Exactly what constitutes a fair rate of level commission is also up for discussion. As well as putting remuneration firmly on the agenda, PruHealth’s decision to offer level commission at 10 per cent inevitably fired up the debate around whether this was enough. Pontin believes it’s too low. “Level commission of between 12 and 15 per cent is a decent amount for the work that an adviser should be doing on behalf of their clients,” he says. He backs this view up with simple maths, taking a typical model of 25 per cent initial followed by 5 per cent renewal and averaging it over a four or five year period to give a level around 15 per cent.
Priestley accepts these calculations but believes that a rate of 10 per cent more fairly reflects the market. “Everyone wants more but we have to look at our bottom line too,” he says. “If the market could move to a higher price point for the product and reduce the amount of commoditisation then we could support higher levels of commission.”
His view is supported by some advisers too. Scullion believes insurers should be able to make a profit, pointing to recent market consolidation as evidence that this hasn’t been the case. “Consolidation isn’t good for anyone in the market and it threatens the long-term viability of advisers as well as insurers,” he adds. “We must get the balance right.”
While profitability may be at stake when it comes to setting the rate for level commission, some argue that the adviser model also needs to adapt to the new market conditions as this would make lower levels of commission more palatable.
As an example, Humphreys says that advisers need to look at how they can make themselves more efficient. “We see so many 1970s work practices, such as requesting lots of quotes at renewal, but this isn’t always necessary as technology makes it much easier to automate this process,” he says.
Another area where he believes advisers are creating unnecessary work for themselves is with the handling of post.

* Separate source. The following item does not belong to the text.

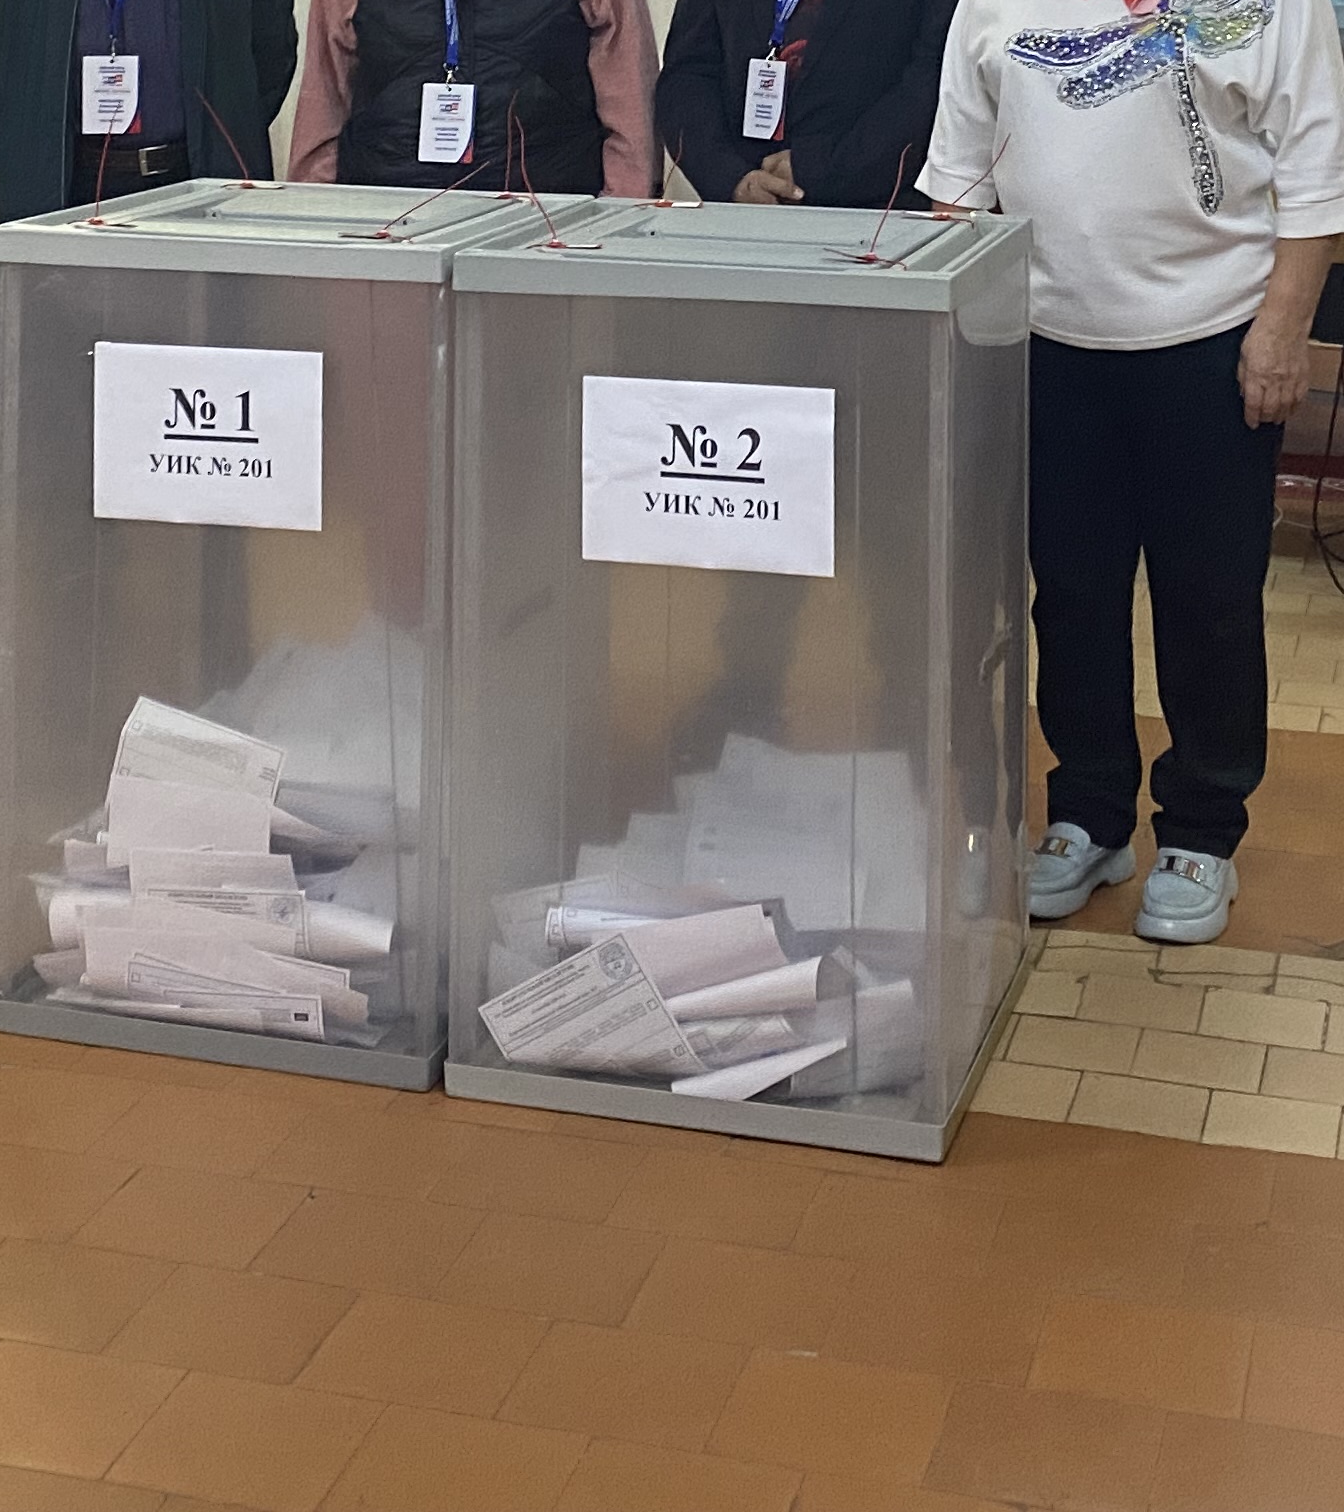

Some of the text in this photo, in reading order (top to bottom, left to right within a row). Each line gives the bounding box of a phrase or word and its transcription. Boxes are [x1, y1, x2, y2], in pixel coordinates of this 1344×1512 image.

He says that many advisers insist they receive their clients’ post but it is much more efficient to send electronic copies directly to both the broker and the client. “Many advisers have a fixation with doing the insurers’ job but they should really stick to providing the advice and leave us to pay claims and so on,” he adds.

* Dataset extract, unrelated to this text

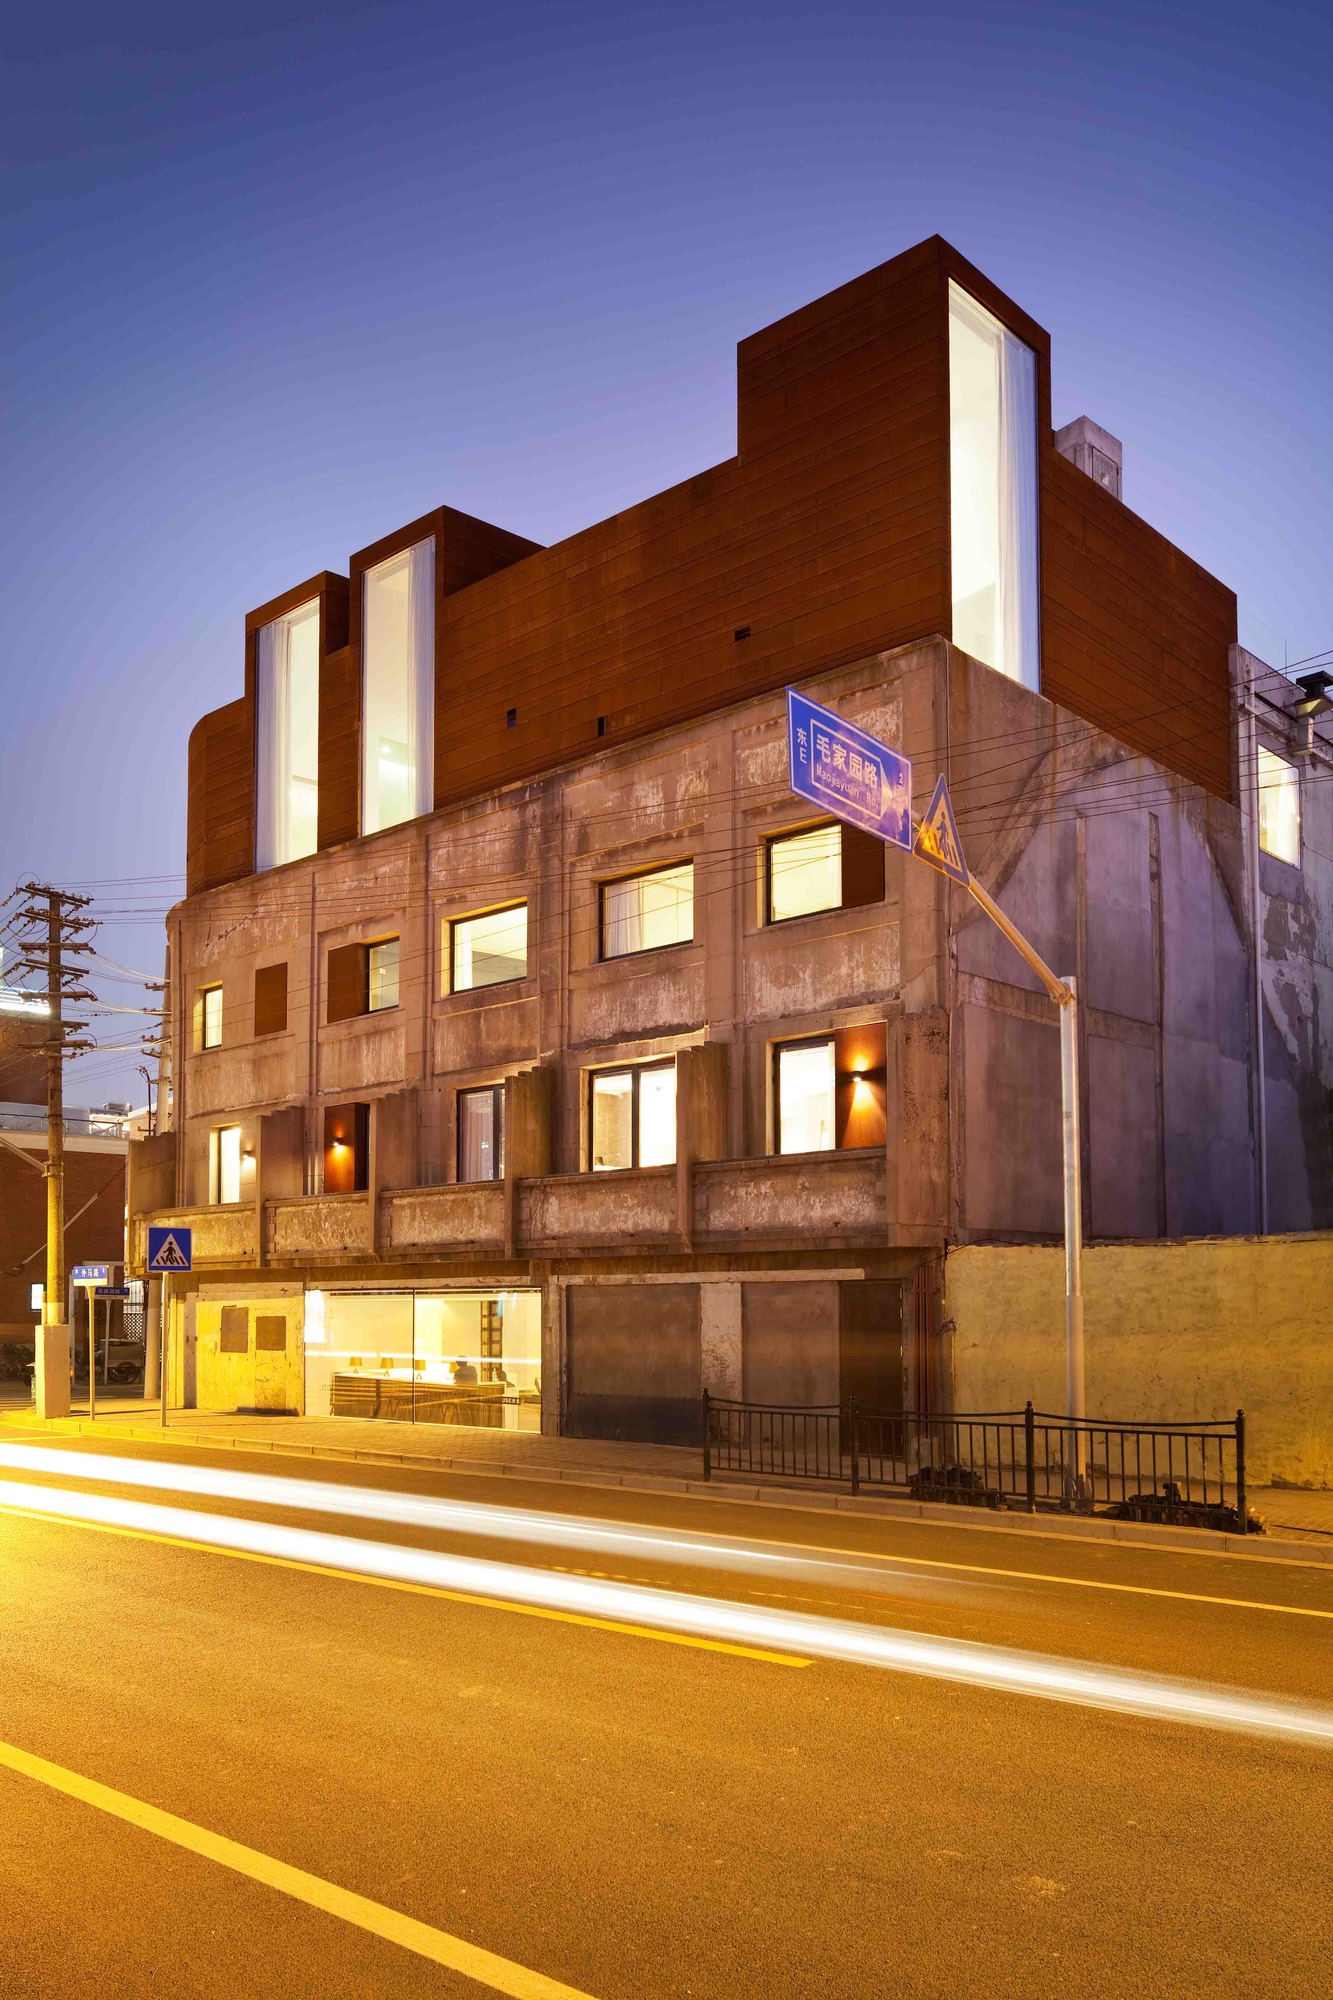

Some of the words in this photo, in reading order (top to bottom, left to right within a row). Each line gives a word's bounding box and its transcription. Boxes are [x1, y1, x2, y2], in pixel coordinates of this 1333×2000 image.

[797, 728, 807, 746] 东
[800, 747, 807, 764] E
[816, 734, 878, 790] 毛家园路
[817, 763, 859, 798] Maojiayuan

Getting the balance right between insurers, advisers and the commission they receive is essential for the survival of the medical insurance industry. Under-pricing business, whether through a desire to win market share or a commission sacrifice deal, can only devalue the product, causing margins to shrink further still. “We must demonstrate the value that an adviser brings to the sale of medical insurance,” concludes Pontin. “Advisers must move from being transaction based to being advisory. Level commission will help to support this.”